#### [Exercise directions]
Beginning with the first entry, restate the data word for word and leave out the images.

#### [Records to use]
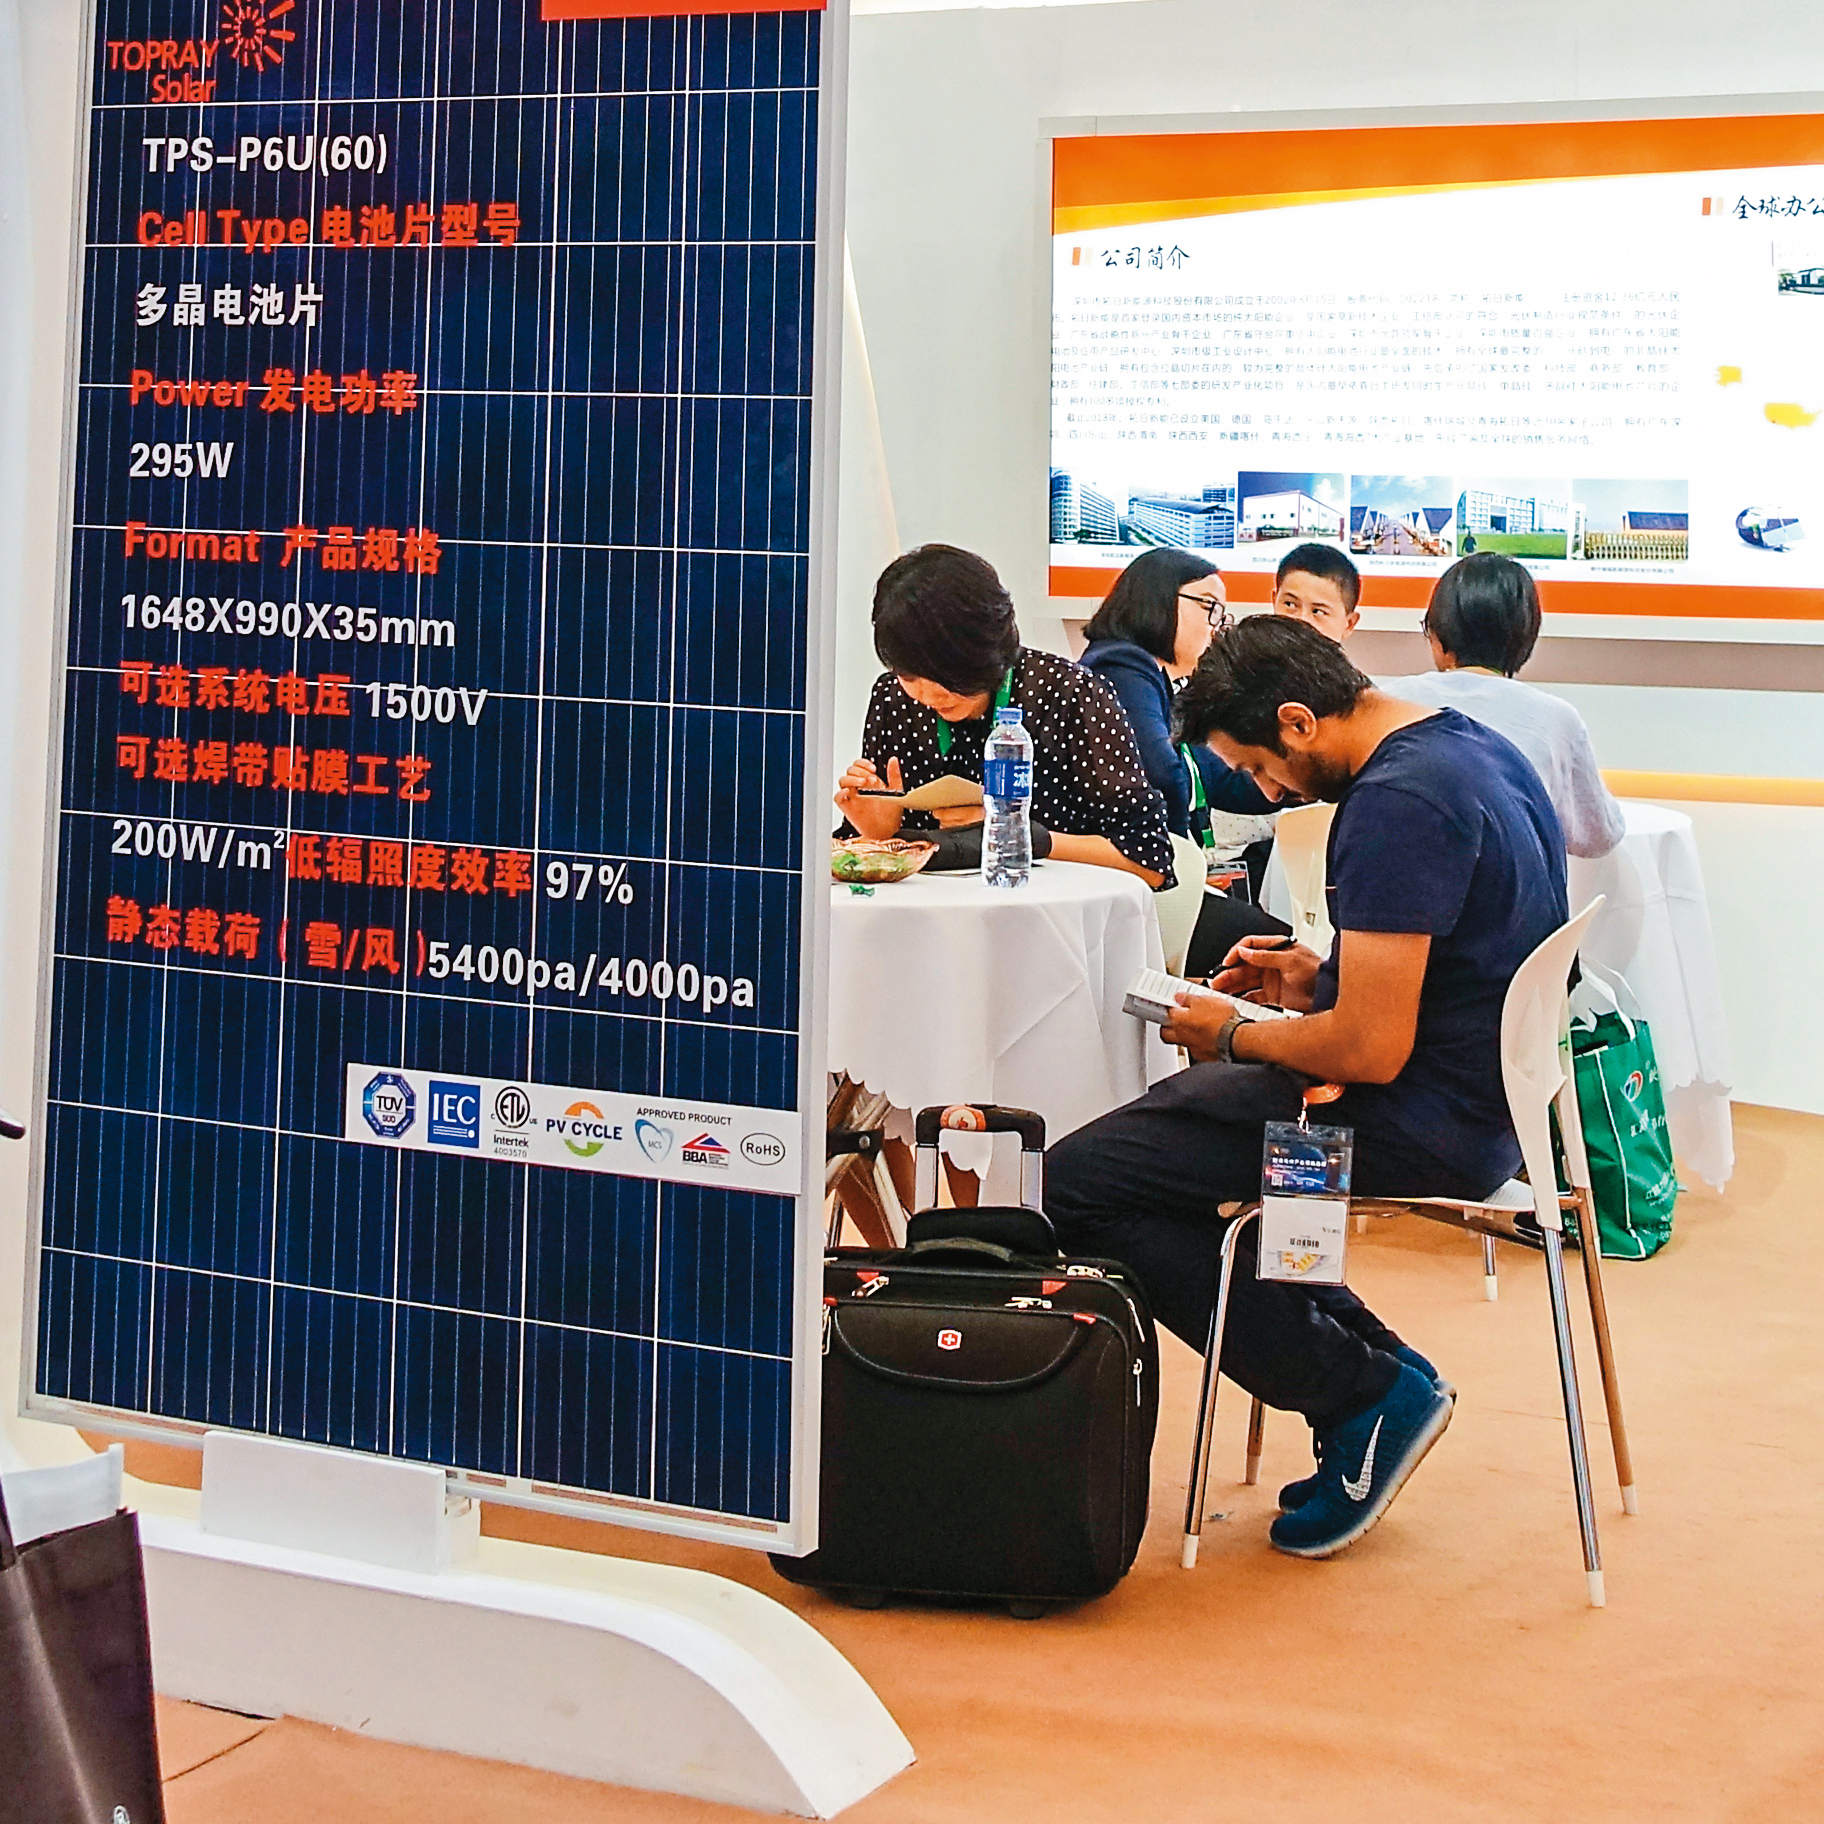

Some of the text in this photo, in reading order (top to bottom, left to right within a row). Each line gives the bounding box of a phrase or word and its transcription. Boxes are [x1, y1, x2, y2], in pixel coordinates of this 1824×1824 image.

[108, 39, 219, 72] TOPRAY
[152, 72, 217, 103] Solar
[144, 132, 387, 176] TPS-P6U(60)
[137, 202, 520, 256] Cell Type 电池片型号
[1101, 245, 1190, 270] 公司简介
[135, 281, 323, 328] 多晶电池片
[130, 368, 418, 415] Power 发电功率
[129, 441, 233, 480] 295W
[124, 521, 442, 575] Format 产品规格
[120, 593, 456, 648] 1648X990X35mm
[119, 661, 488, 726] 可选系统电压 1500V
[116, 734, 432, 802] 可选焊带贴膜工艺
[545, 862, 635, 906] 97%
[427, 941, 755, 1013] 5400pa/4000pa
[433, 1093, 476, 1125] IEC
[636, 1107, 733, 1126] APPROVED PRODUCT
[493, 1134, 529, 1148] Intertek
[546, 1119, 623, 1141] PV CYCLE
[746, 1142, 780, 1157] RoHS
[682, 1151, 707, 1164] BBA

#### [Answer for the task]
Some of the text in this photo, in reading order (top to bottom, left to right within a row). Each line gives the bounding box of a phrase or word and its transcription. Boxes are [x1, y1, x2, y2], in pixel coordinates of this 1824×1824 image.

[108, 39, 219, 72] TOPRAY
[152, 72, 217, 103] Solar
[144, 132, 387, 176] TPS-P6U(60)
[137, 202, 520, 256] Cell Type 电池片型号
[1101, 245, 1190, 270] 公司简介
[135, 281, 323, 328] 多晶电池片
[130, 368, 418, 415] Power 发电功率
[129, 441, 233, 480] 295W
[124, 521, 442, 575] Format 产品规格
[120, 593, 456, 648] 1648X990X35mm
[119, 661, 488, 726] 可选系统电压 1500V
[116, 734, 432, 802] 可选焊带贴膜工艺
[545, 862, 635, 906] 97%
[427, 941, 755, 1013] 5400pa/4000pa
[433, 1093, 476, 1125] IEC
[636, 1107, 733, 1126] APPROVED PRODUCT
[493, 1134, 529, 1148] Intertek
[546, 1119, 623, 1141] PV CYCLE
[746, 1142, 780, 1157] RoHS
[682, 1151, 707, 1164] BBA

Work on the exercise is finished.